June 13, 2000

Anarchocommunism

“[N]ot all anarchists are revolutionaries, but it is no longer possible to be a revolutionary without being an anarchist, in fact if not in name.”
Bob Black, Anarchy After Leftism

I am sure this is true, but not in the manner Black seems to mean. I think it is rather a matter of real-world and theoretical refinement over the years. Marx’s work was quickly drawn into the ideology of the Second International, where it took on all the statist elements of which Bakunin had prematurely, unjustly, accused the antistatist—those elements of Goldner’s “progressive civil service,” which informed not only that International but all the variants of state capitalism this past century, left and right. I understand anarchism to be antistate communism, which is what Marx and Engels always used to write about. The critique of political economy necessarily leads to an understanding of the state which is emphatically anarchist. The critique of the economy also necessarily leads to an understanding of authority in general which is emphatically anarchist.

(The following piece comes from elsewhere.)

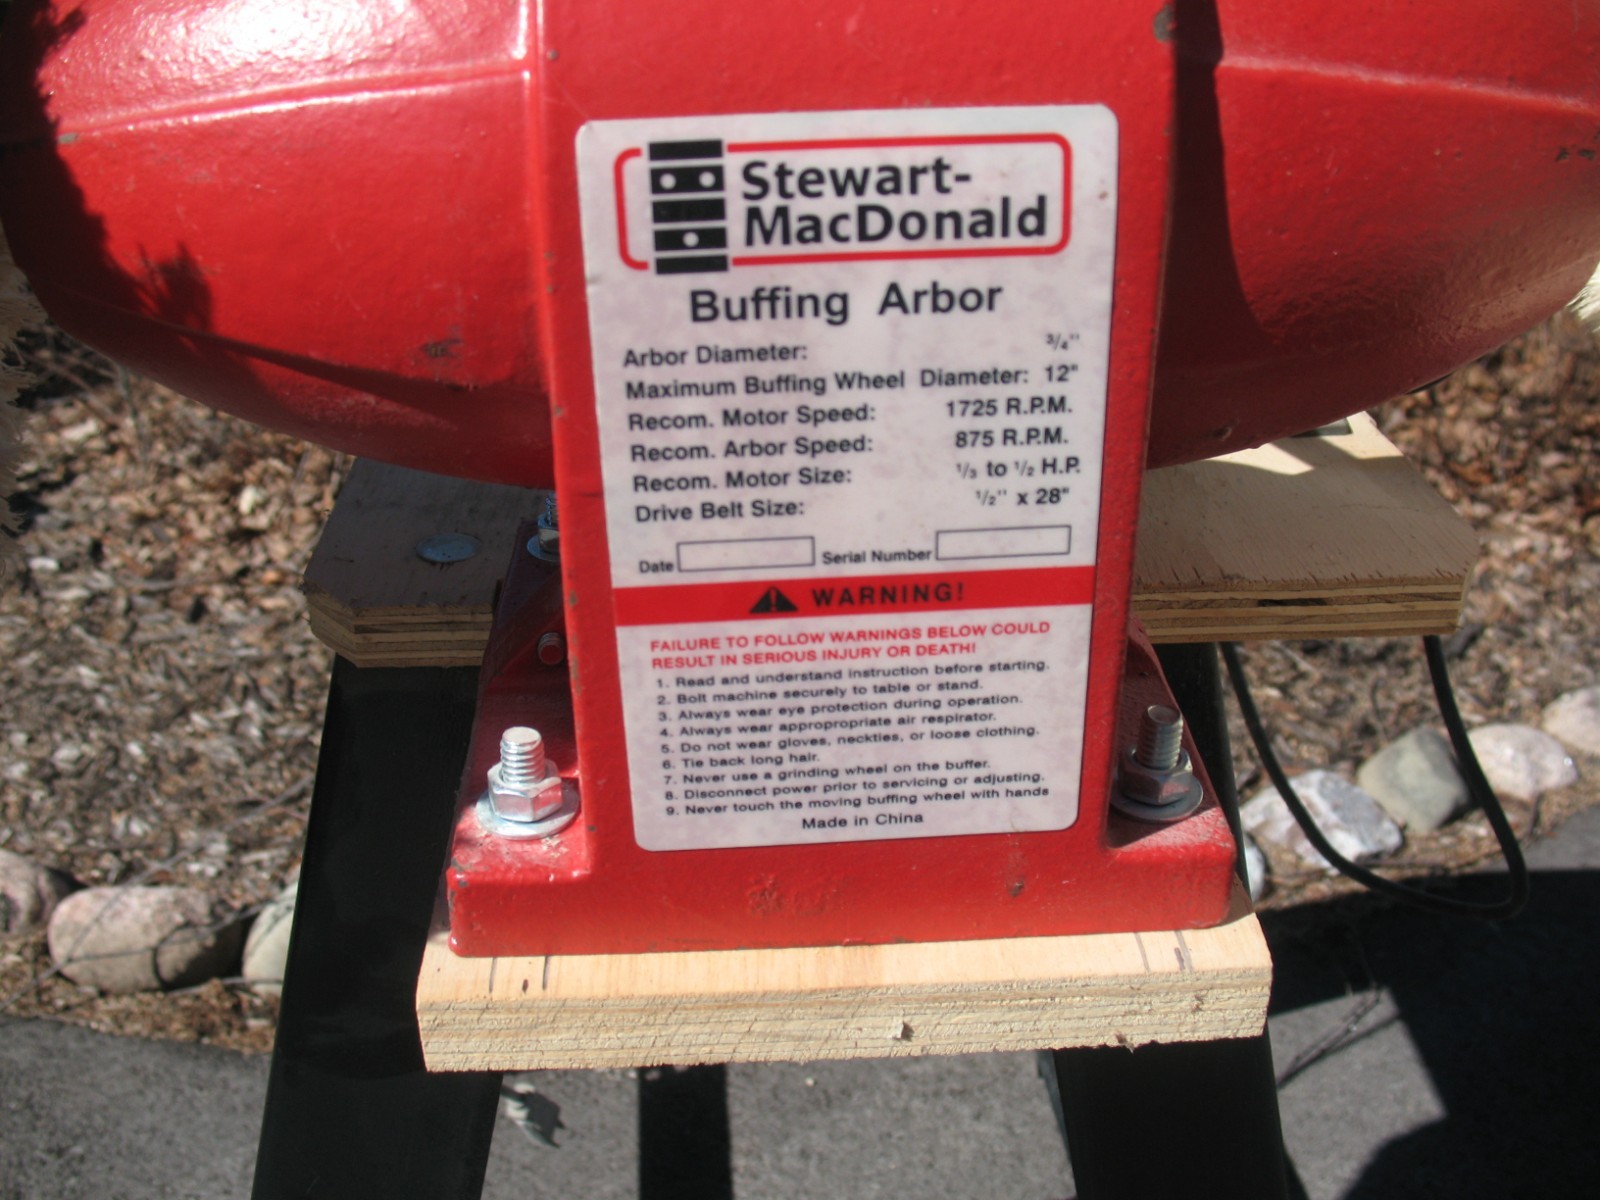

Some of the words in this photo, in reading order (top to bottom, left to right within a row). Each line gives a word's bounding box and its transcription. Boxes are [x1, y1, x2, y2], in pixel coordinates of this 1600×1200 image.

I remain in the belief that, in spite of everything, the name of the tradition is important. The cowardice sometimes evident in the refusal of “labels” is often more irritating than the actual misunderstanding of labels. Labels are dangerous only in the midst of ignorance, only in the midst of that democratic ideology which refuses challenge and contradiction. Labels, in the midst of reasoned discussion, become, rather, names.